TEMPO.CO, Jakarta - Kepala Biro Penerangan Masyarakat (Karopenmas) Divisi Humas Polri, Brigjen Trunoyudo Wisnu Andiko, mengkonfirmasi penangkapan Palti Hutabarat, seorang penggiat media sosial. Penangkapan itu dilakukan atas dugaan menyebarkan berita bohong melalui platform sosialnya.
Kombes Trunoyudo menyatakan bahwa penangkapan tersebut terjadi pada Jumat, 19 Januari 2024, di Jalan Swadaya, Kelurahan Tanjung Barat, Kecamatan Jagakarsa, Jakarta Selatan, oleh Direktorat Siber Bareskrim Polri, sekitar pukul 03.44 pagi.
"Kami sampaikan bahwa benar saudara PH telah ditangkap oleh Dittipidsiber Polri pada pagi sekitar pukul 03.44 pagi," kata Trunoyudo.
Trunoyudo menjelaskan bahwa penangkapan Palti Hutabarat didasari oleh dua laporan yang diterima, yaitu dari Amru Riandi Siregar kepada Polisi Daerah Sumatera Utara (Polda Sumut) dan laporan dari Muhammad Wildan kepada Bareskrim Mabes Polri.
Saat ini, penyidik sedang melakukan pemeriksaan terhadap Palti terkait dugaan pelanggaran UU Nomor 11 tahun 2008 tentang Informasi dan Transaksi Elektronik (ITE), yang telah mengalami perubahan dengan UU Nomor 1 Tahun 2024.
Trunoyudo menjelaskan bahwa Palti Hutabarat diduga melanggar beberapa pasal dalam UU ITE, dengan ancaman hukuman maksimal 12 tahun. Motif penangkapan masih dalam tahap penyelidikan, dan Trunoyudo menyebut bahwa Bareskrim sedang memeriksa lebih lanjut terkait dugaan tindak pidana yang dilakukan Palti.
Penangkapan Palti Hutabarat telah menjadi sorotan di media sosial, dan dugaan penyebabnya terkait unggahan Palti yang menyebarkan percakapan pejabat yang diduga mengarahkan dukungan kepada pasangan calon tertentu dalam Pilpres 2024.

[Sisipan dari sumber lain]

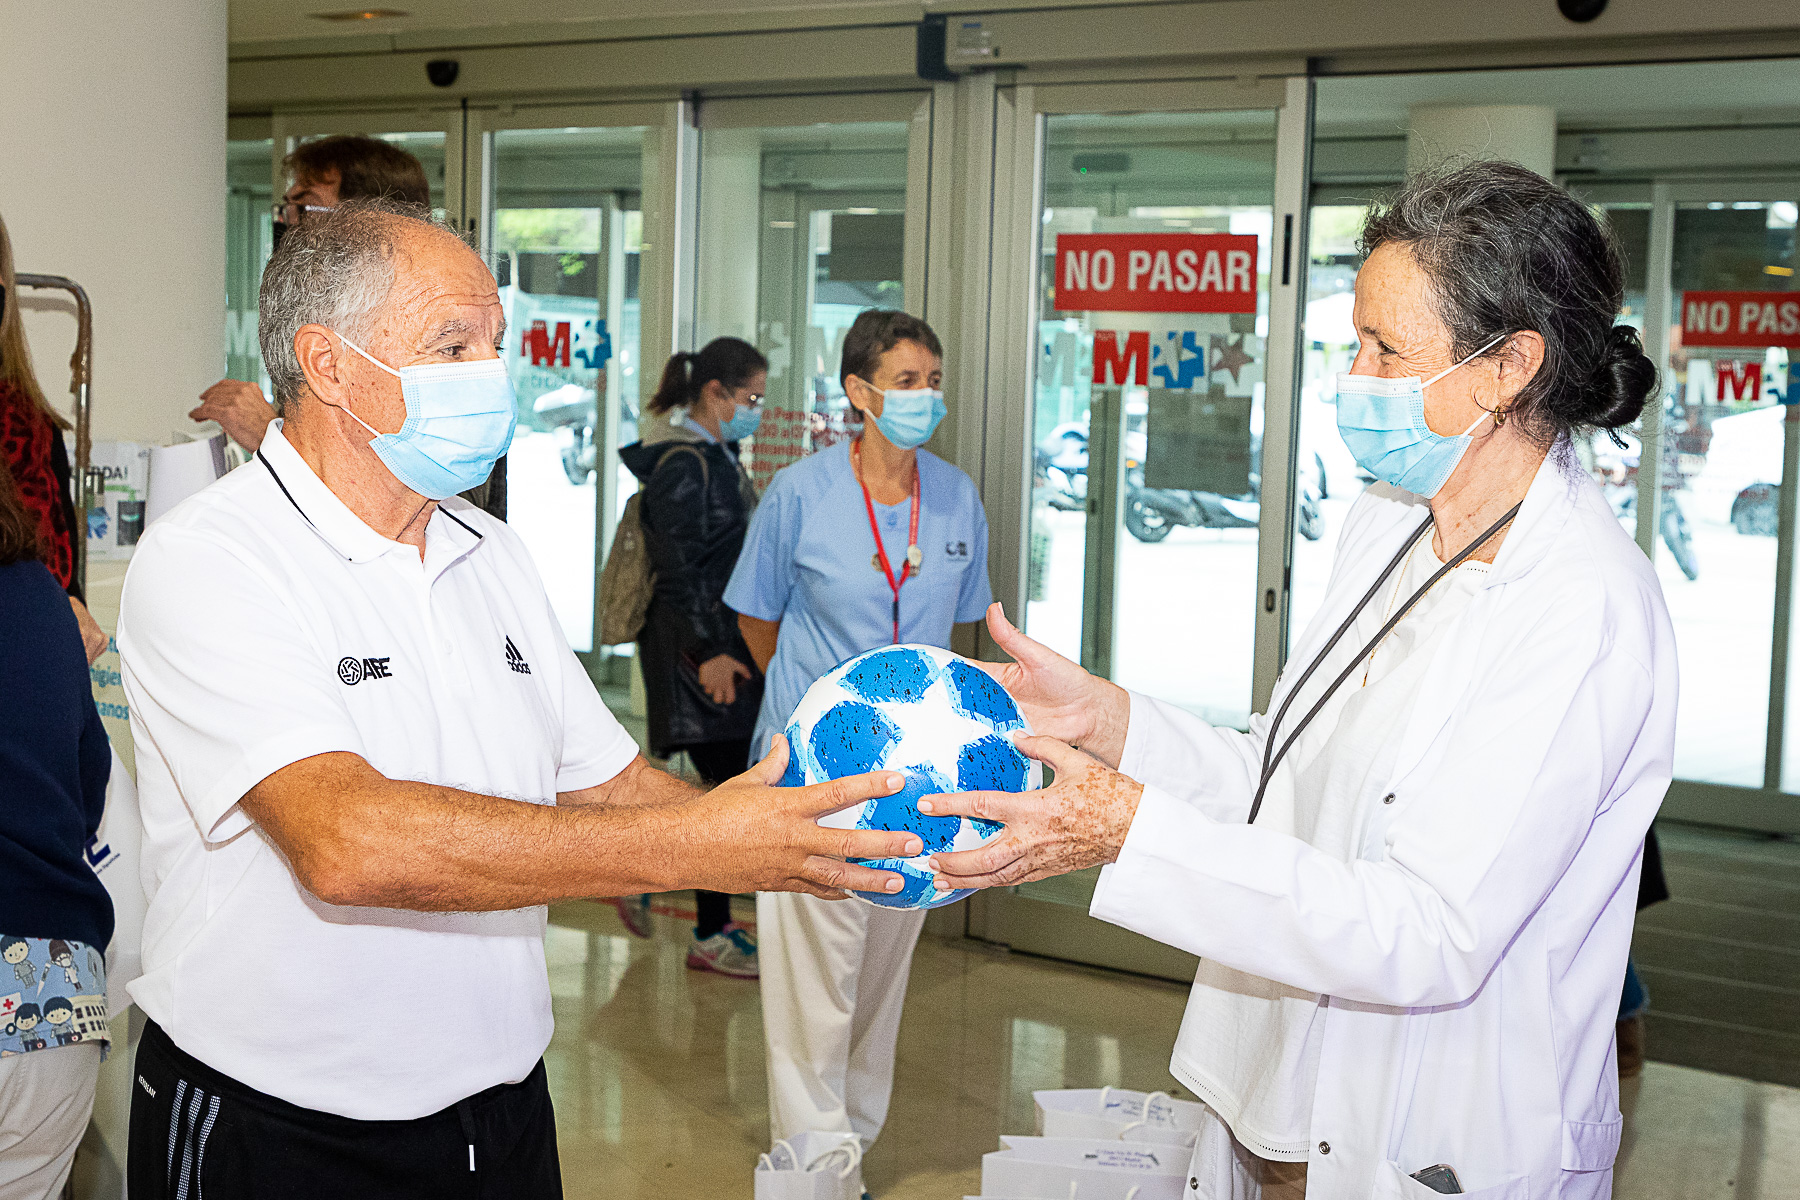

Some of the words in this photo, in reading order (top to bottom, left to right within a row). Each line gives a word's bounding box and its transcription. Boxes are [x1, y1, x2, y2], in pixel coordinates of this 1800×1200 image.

[1065, 249, 1115, 291] NO
[1127, 249, 1251, 292] PASAR
[1686, 301, 1730, 334] NO
[1739, 301, 1800, 335] PAS
[362, 657, 393, 680] AFE

Penangkapan tersebut direspons oleh sejumlah pihak. Tim Pemenangan Nasional (TPN) Ganjar-Mahfud menyatakan bahwa siap memberikan dukungan hukum kepada Palti Hutabarat yang dituduh menyebarkan berita palsu melalui platform sosialnya.
TPN Ganjar-Mahfud mengajukan permohonan kepada aparat kepolisian agar tidak menahan Palti. "TPN memohon agar kepolisian tidak melakukan penahanan terhadap Palti Hutabarat. Jika ada proses hukum yang diterapkan, seharusnya itu merupakan proses hukum perdata, bukan pidana," ujar Deputi Hukum TPN Ganjar-Mahfud, Todung Mulya Lubis, di Menteng, Jakarta Pusat, pada Jumat, 19 Januari 2024.
Selain TPN Ganjar-Mahfud, Pengamat Kepolisian di Institute for Security and Strategic Studies (ISESS) Bambang Rukminto mengkritik penangkapan terhadap aktivis media sosial Palti Hutabarat.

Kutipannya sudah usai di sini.